No, no quiero

Miras a la muñeca. Miras el hacha. Vuelves a mirar a la muñeca. Vuelves a mirar el hacha. Miras a la muñeca sujetando el hacha.

La combinación no te gusta. Y menos aún cuando ves que la combinación empieza a andar con sus piernas rectas hacia ti con una lentitud estremecedora.

— ¿Quieres ser mi amigo? –repite la muñeca canturreando –No me gusta cuando la gente no quiere ser mi amiga.
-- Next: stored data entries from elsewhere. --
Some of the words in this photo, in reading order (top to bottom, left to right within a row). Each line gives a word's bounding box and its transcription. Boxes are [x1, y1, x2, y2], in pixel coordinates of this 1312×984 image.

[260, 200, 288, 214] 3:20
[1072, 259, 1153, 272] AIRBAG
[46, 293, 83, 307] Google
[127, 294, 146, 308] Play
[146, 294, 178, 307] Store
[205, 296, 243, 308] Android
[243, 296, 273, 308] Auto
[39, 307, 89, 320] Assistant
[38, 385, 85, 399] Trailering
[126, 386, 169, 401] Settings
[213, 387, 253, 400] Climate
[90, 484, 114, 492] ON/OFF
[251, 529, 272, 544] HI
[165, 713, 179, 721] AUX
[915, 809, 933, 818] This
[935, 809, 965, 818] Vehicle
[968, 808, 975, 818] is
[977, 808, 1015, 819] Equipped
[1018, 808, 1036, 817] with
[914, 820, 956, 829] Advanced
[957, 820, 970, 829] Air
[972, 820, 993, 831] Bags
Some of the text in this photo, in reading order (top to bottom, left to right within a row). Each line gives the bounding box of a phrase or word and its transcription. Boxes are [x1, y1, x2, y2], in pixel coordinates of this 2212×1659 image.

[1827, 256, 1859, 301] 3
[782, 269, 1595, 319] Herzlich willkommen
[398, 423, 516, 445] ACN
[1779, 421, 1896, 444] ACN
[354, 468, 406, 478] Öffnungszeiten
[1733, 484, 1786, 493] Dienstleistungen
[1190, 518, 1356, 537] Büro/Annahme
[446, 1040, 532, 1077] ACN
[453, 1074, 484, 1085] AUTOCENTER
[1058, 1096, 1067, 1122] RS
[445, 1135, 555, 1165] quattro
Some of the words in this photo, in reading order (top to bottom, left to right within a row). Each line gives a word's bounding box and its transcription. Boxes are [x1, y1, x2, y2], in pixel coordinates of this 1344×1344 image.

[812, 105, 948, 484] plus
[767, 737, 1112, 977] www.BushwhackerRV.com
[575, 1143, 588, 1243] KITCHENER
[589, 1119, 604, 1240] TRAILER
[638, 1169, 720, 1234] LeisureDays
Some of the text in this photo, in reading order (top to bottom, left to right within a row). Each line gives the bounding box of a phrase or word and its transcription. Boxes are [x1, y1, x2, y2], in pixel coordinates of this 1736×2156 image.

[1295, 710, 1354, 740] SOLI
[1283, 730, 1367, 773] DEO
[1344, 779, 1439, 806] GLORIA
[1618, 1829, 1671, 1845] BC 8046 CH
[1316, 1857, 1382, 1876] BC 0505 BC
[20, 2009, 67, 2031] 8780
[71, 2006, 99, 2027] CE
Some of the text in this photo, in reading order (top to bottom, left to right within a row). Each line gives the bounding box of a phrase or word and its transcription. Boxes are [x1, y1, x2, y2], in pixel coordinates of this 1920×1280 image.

Siempre acabo haciéndoles pupa… ¿Quieres ser mi amigo? ¿Quieres ser…?

—¡Mi abuela sí que va a ser tu amiga! –gritas. No te vas a enfrentar a una muñeca asesina parlante; te da demasiada grima. Así que corres hacia la puerta dispuesto a salir pitando de la casa, sin importarte a dónde ir.

Pero algo surca el aire a toda velocidad, pasa zumbando junto a tu oreja y se clava entre la puerta y el marco de ésta, impidiéndote abrirla. La muñeca, con una fuerza sobrehumana, ha lanzado el hacha y te ha impedido la salida. Te giras y miras, horrorizado, que ahora sostiene un largo cuchillo de carnicero entre las manos de plástico, sonriendo de forma inapropiadamente sádica.

—¡Pero, ¿de dónde se saca tantas armas?! ¿Las traía como accesorios? –chillas, esquivando el salto mortal que ese engendro diabólico da en el suelo, dirigiéndose con el cuchillo por delante hacia ti. Consigues apartarte y corres, subiendo al piso superior. Oyes a la muñeca subir detrás de ti con sus cortas piernas. Lenta, pero imparable.

Como la idea de ser asesinado por un trozo de plástico parlante no te atrae, corres a esconderte en el armario de tu dormitorio. Estás un poco incómodo y no puedes moverte ni un milímetro sin hacer ruido, pero aguantas estoicamente mientras oyes cómo la muñeca te busca por toda la planta superior, hasta que sus pequeños pies suenan contra el suelo del dormitorio.

Oh, oh. ¡Que no te vea, que no te vea!

—Te estoy viendo –informa la muñeca desde fuera –. Te has dejado la puerta entreabierta, alma cándida.

—Roña –maldices. No te queda otra que enfrentarte a ella. Rebuscas a tu alrededor algo con lo que defenderte… ¡Una percha metálica!

Es demasiado absurdo para pararse a pensarlo, así que no te detienes por más tiempo: abres la puerta del armario de par en par y le lanzas una estocada a la muñeca con todas tus fuerzas con un grito ninja que se escapa de tu garganta. Sin planearlo, le hundes un extremo de la percha en el ojo. ¡Bingo!

– ¡Ay! ¡Mi ojo! ¡MI OJOO! –chilla la muñeca, intentando sacarse la percha de la cara, mientras tú escapas del cuarto. Ella, con percha y todo, te sigue hecha una fiera dando sablazos con el cuchillo por aquí y por allá. 

¿Y ahora, a dónde? ¿Qué vas a hacer? No lo sabes bien, así que vuelves a bajar y te resguardas en la despensa. Cierras la puerta y esperas, escuchando cómo la muñeca aporrea la puerta por fuera.

—¡Abre la puerta ahora mismo!

—¡No me da la gana! –replicas, agachado en una esquina.

—Venga, no seas tonto –la muñeca adopta una voz más dulce para intentar darte gato por liebre –. Si sales, te daré un caramelo.

—¡Ya tengo caramelos aquí! ¡Chincha, rabiña! –canturreas tú. Aunque no pueda verte, agarras un paquete de caramelos de un estante y te metes un puñado en la boca con gesto desafiante.

—¡Sal de una cochina vez!

—¡He no halgo, lenhe! –farfullas con la boca llena.

Y así os lleváis diez minutos, discutiendo a través de la puerta cerrada a gritos, como dos borregos. Hasta que, por fin, oyes a la muñeca anunciar:

—¡Ya me tienes frita! ¡Así no hay quien asesine a nadie! ¡Me voy, dimito!

Y, para tu alivio, oyes como se aleja de allí. Después, silencio absoluto.